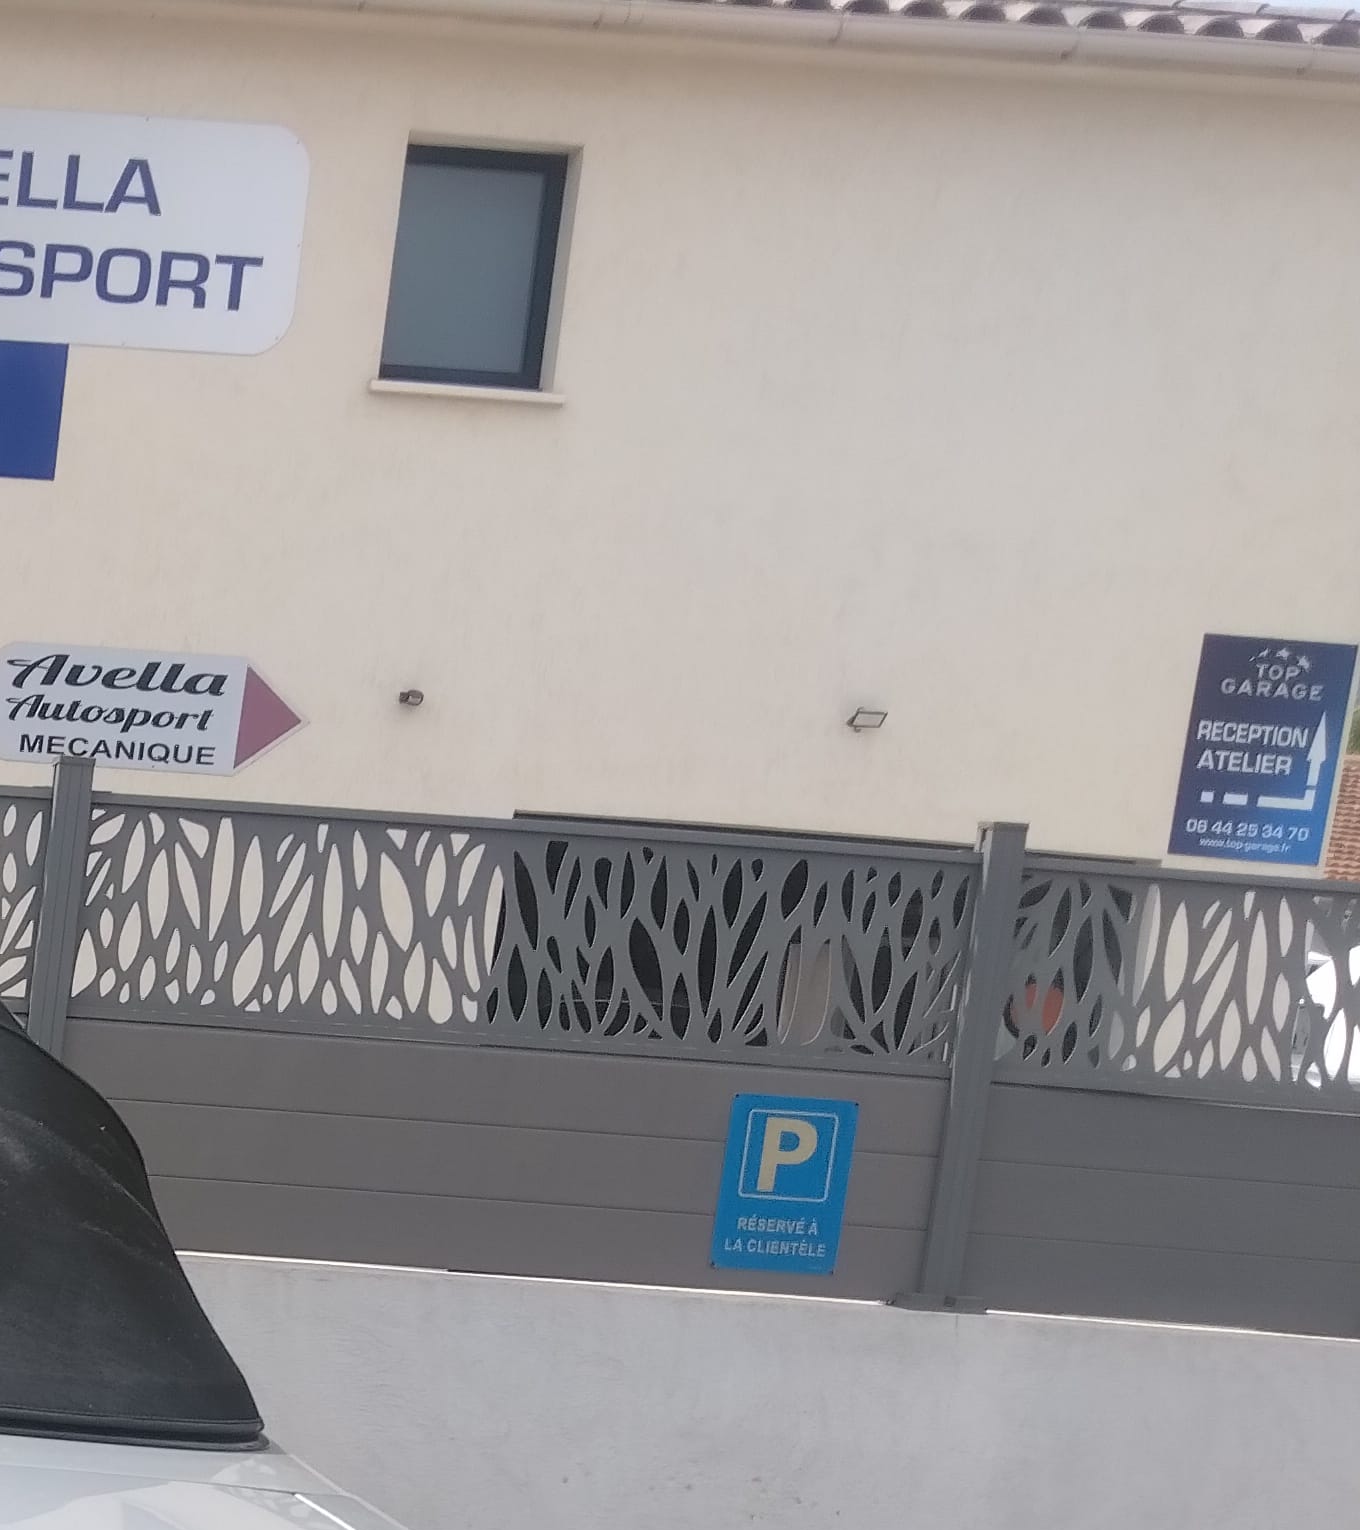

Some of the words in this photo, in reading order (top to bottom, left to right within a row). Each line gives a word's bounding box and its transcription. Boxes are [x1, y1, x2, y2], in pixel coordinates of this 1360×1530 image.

[6, 653, 230, 697] Avella
[1255, 662, 1301, 682] TOP
[1220, 678, 1324, 701] GARAGE
[4, 693, 215, 734] Autosport
[1197, 719, 1310, 749] RECEPTION
[18, 733, 217, 766] MECANIQUE
[1196, 749, 1293, 776] ATELIER
[1186, 819, 1208, 833] 06
[1211, 821, 1232, 835] 44
[1261, 824, 1284, 838] 34
[1287, 827, 1310, 841] 70
[756, 1117, 819, 1193] P
[737, 1214, 806, 1235] RÉSERVÉ
[724, 1238, 743, 1252] LA
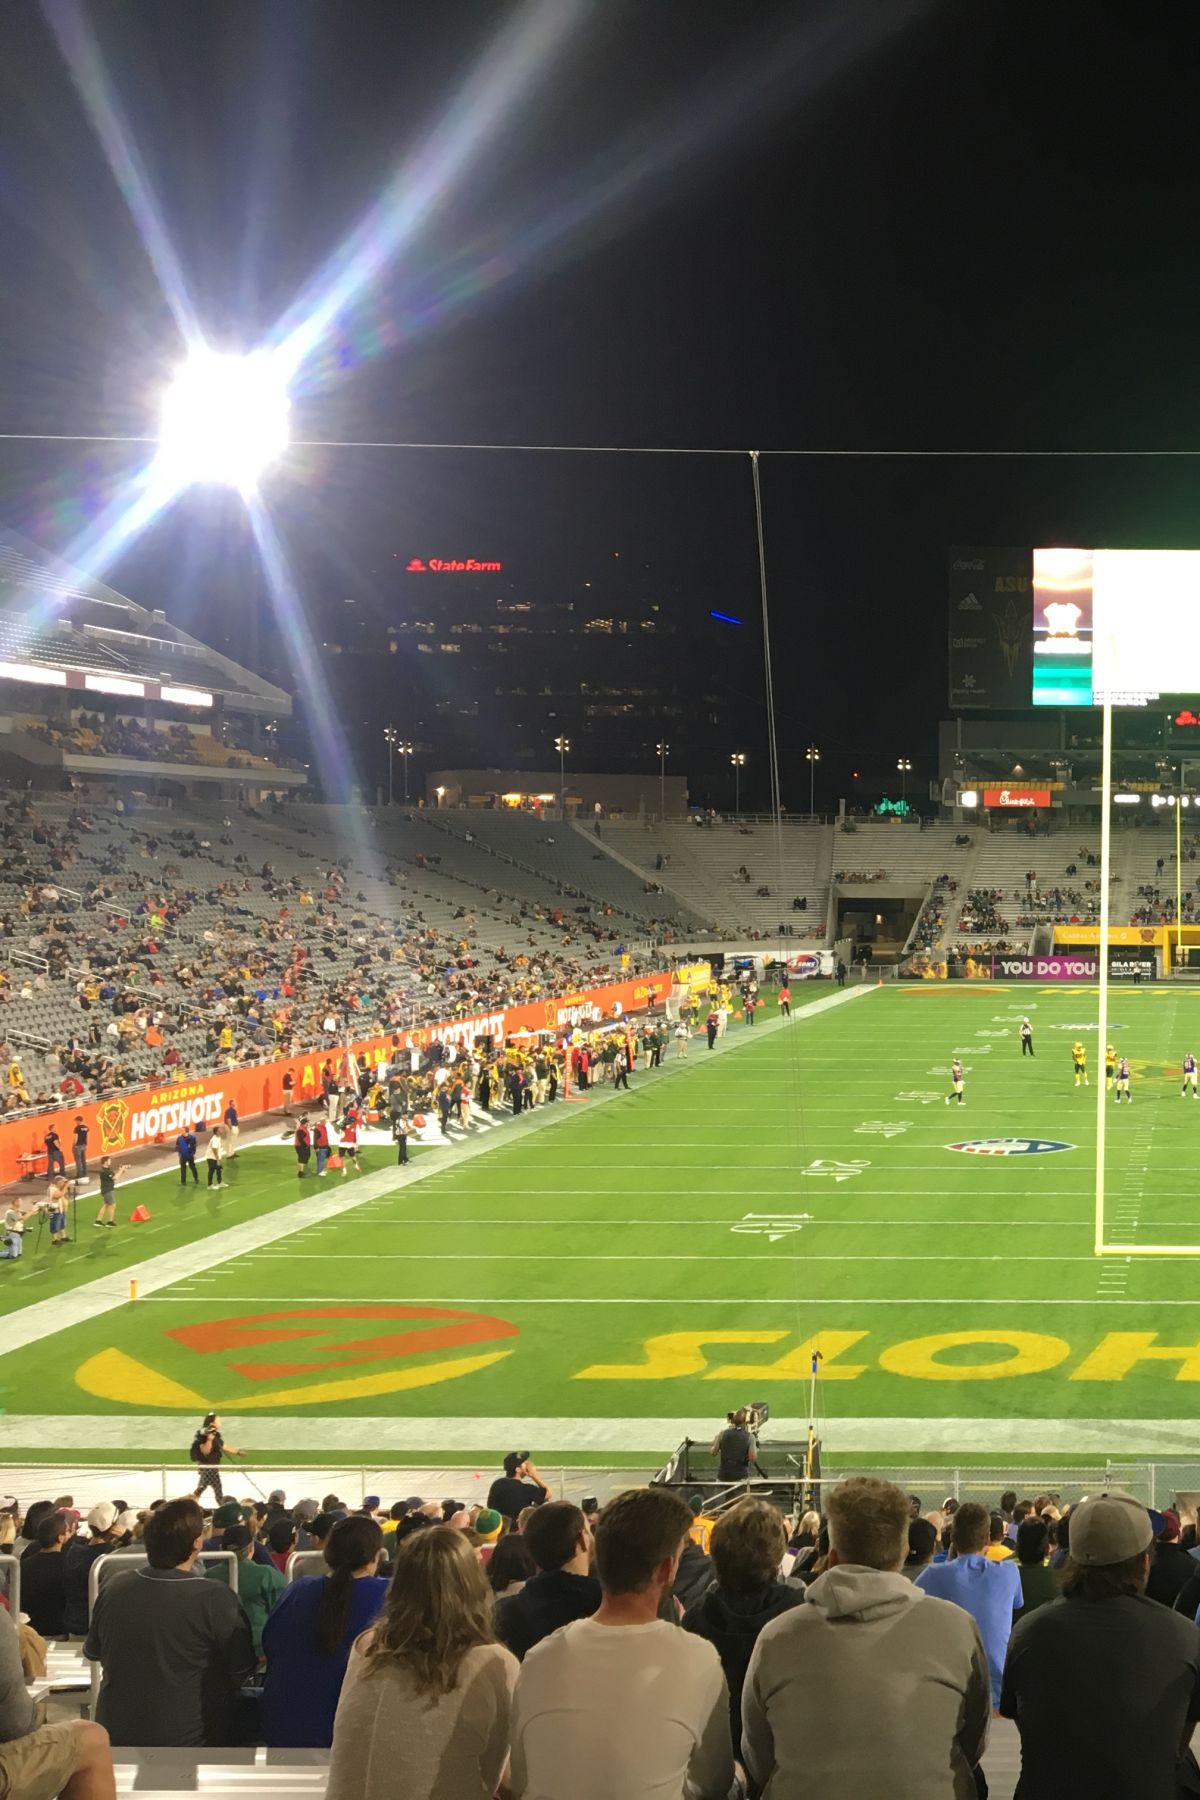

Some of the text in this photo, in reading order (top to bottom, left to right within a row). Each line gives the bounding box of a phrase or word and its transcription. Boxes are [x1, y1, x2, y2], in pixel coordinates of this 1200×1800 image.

[1001, 961, 1096, 976] YOU DO YOU
[151, 1084, 205, 1105] ARIZONA
[131, 1092, 224, 1141] HOTSHOTS
[730, 1213, 815, 1233] 10
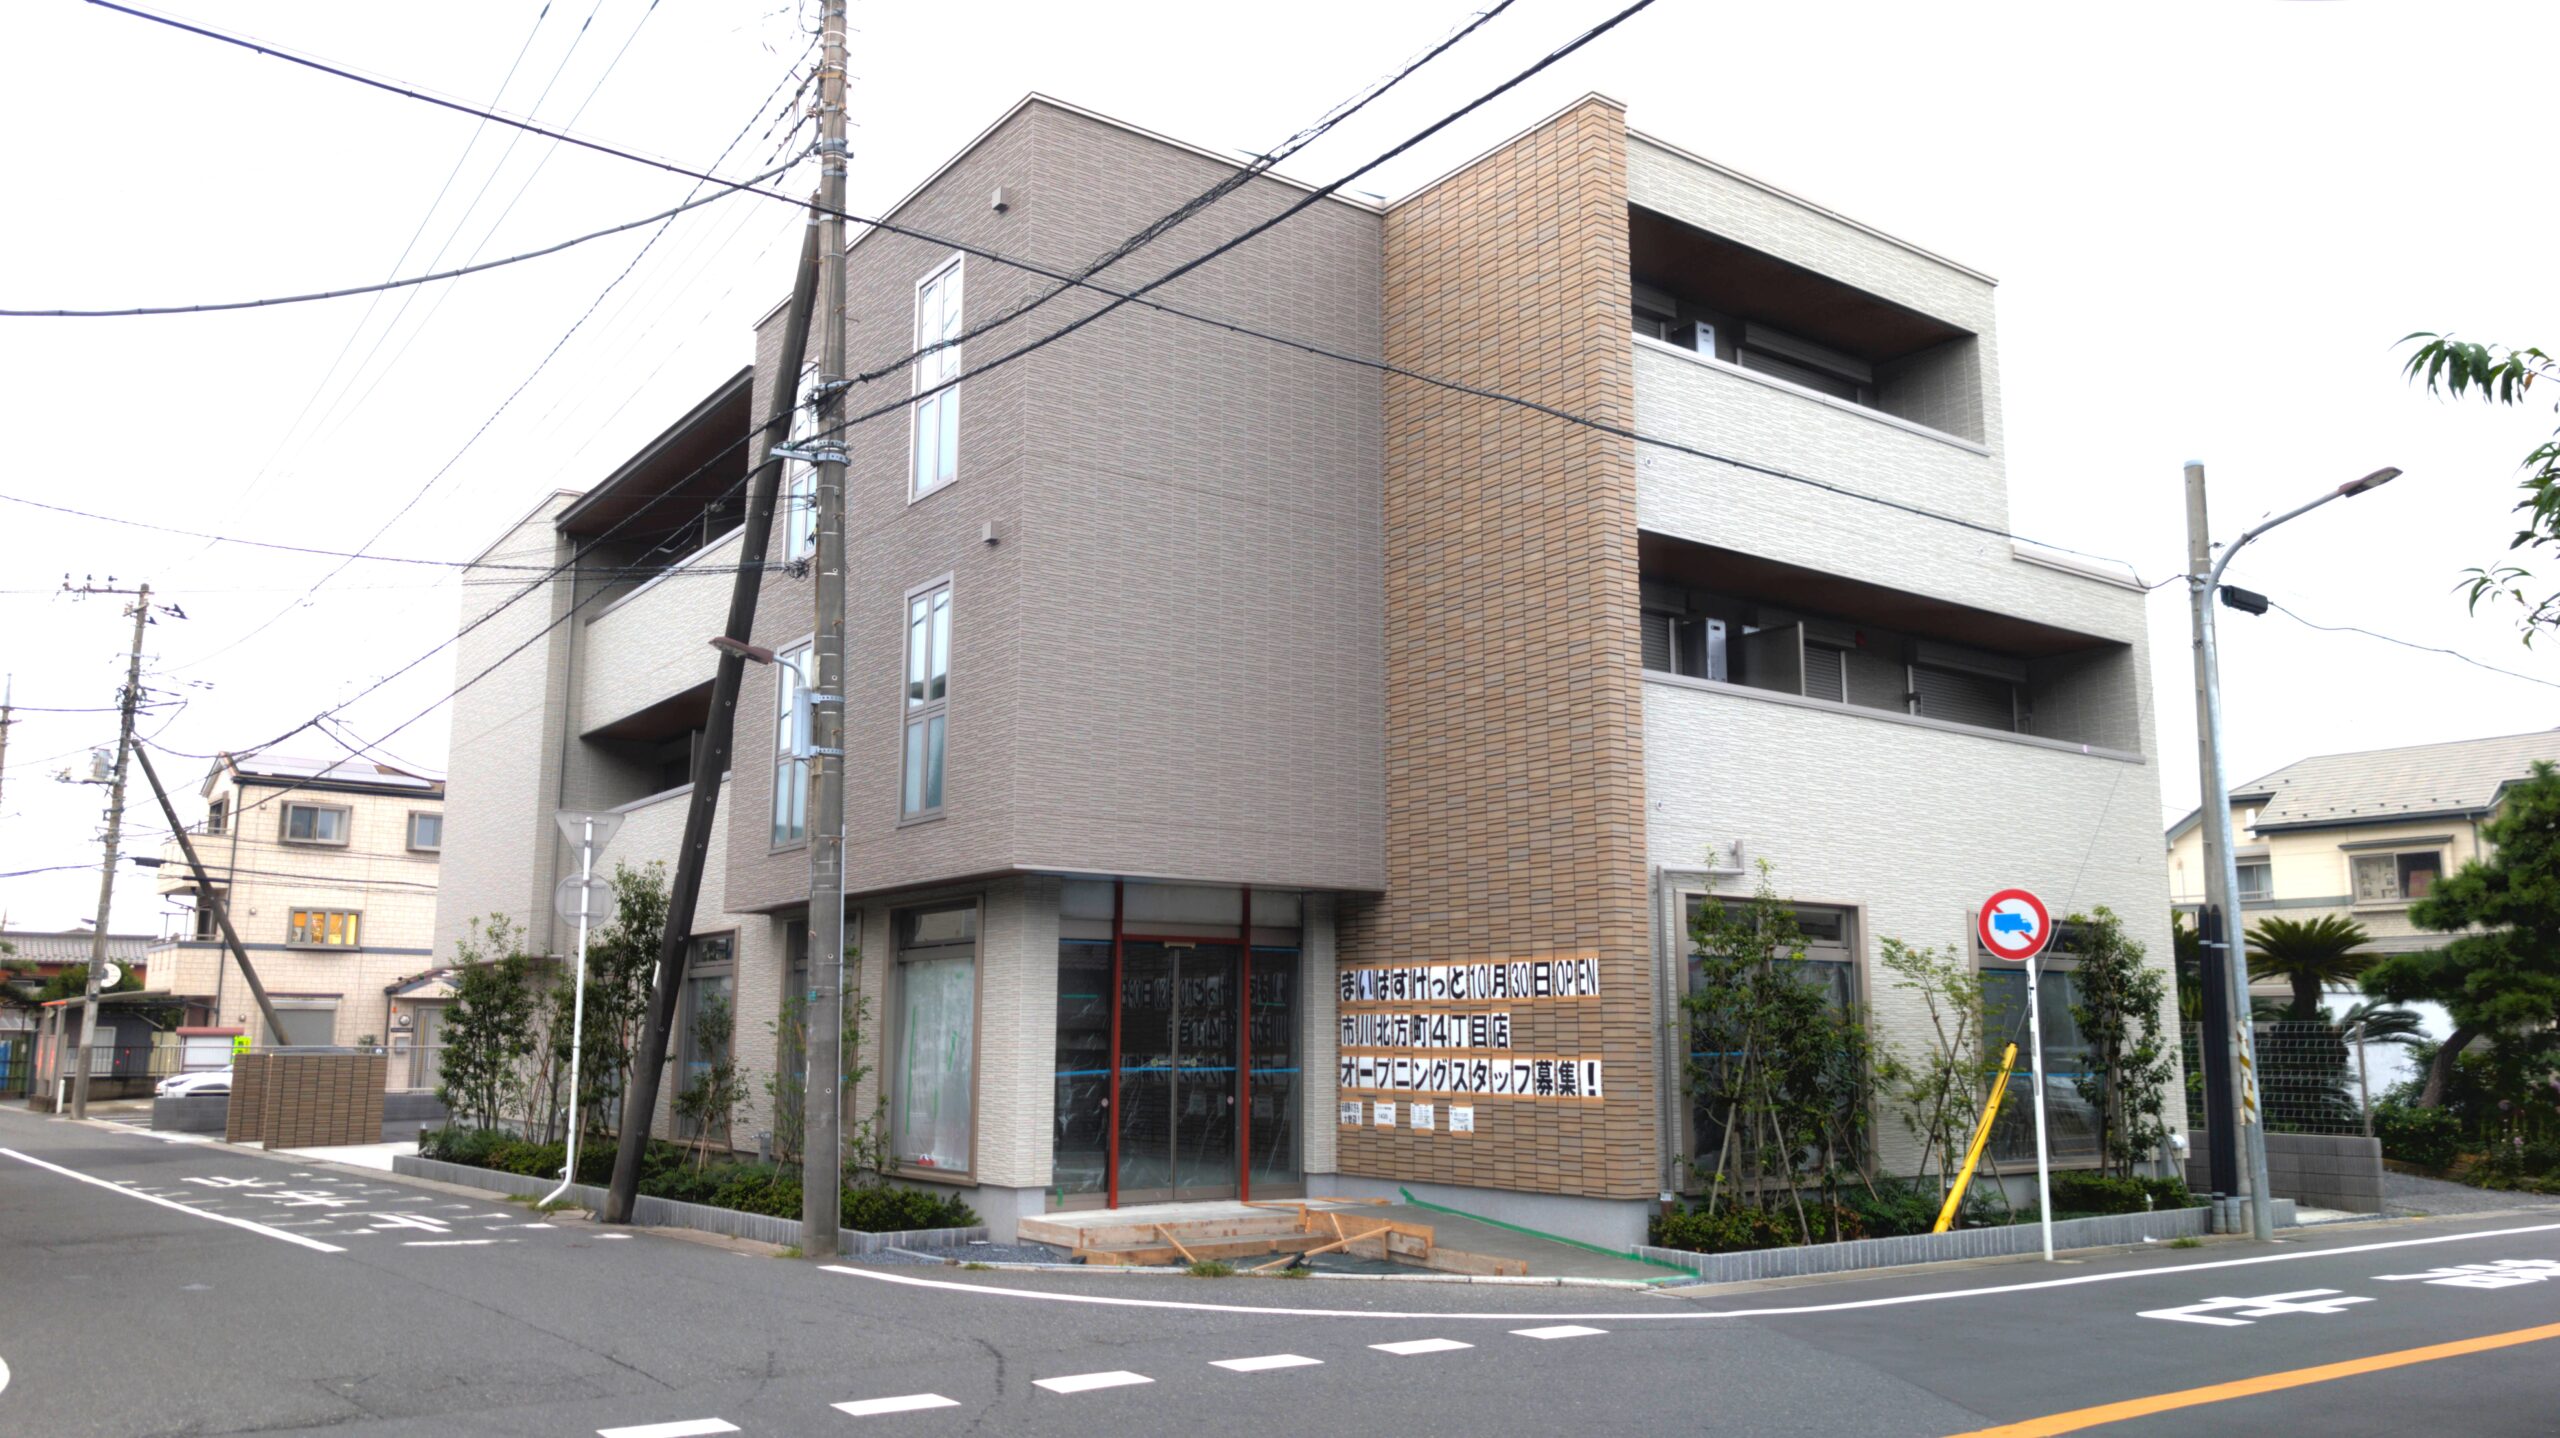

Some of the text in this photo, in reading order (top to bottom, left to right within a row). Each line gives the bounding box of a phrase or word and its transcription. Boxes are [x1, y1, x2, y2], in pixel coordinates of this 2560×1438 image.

[1341, 958, 1597, 1001] まいばすけっと10月30日OPEN
[1341, 1012, 1509, 1049] 市川北方町4丁目店
[1341, 1056, 1597, 1097] オープニングスタッフ募集!

* * * * * * * * *

** Exercise instructions **
Set the pictures aside and restate word for word only the lines from the line containing "this 1200×1800 image." through the end of the entries above, both included.

** Output of the task **
Some of the text in this photo, in reading order (top to bottom, left to right within a row). Each line gives the bounding box of a phrase or word and its transcription. Boxes are [x1, y1, x2, y2], in pixel coordinates of this 1200×1800 image.

[1001, 961, 1096, 976] YOU DO YOU
[151, 1084, 205, 1105] ARIZONA
[131, 1092, 224, 1141] HOTSHOTS
[730, 1213, 815, 1233] 10

Some of the text in this photo, in reading order (top to bottom, left to right within a row). Each line gives the bounding box of a phrase or word and its transcription. Boxes are [x1, y1, x2, y2], in pixel coordinates of this 2560×1438 image.

[1341, 958, 1597, 1001] まいばすけっと10月30日OPEN
[1341, 1012, 1509, 1049] 市川北方町4丁目店
[1341, 1056, 1597, 1097] オープニングスタッフ募集!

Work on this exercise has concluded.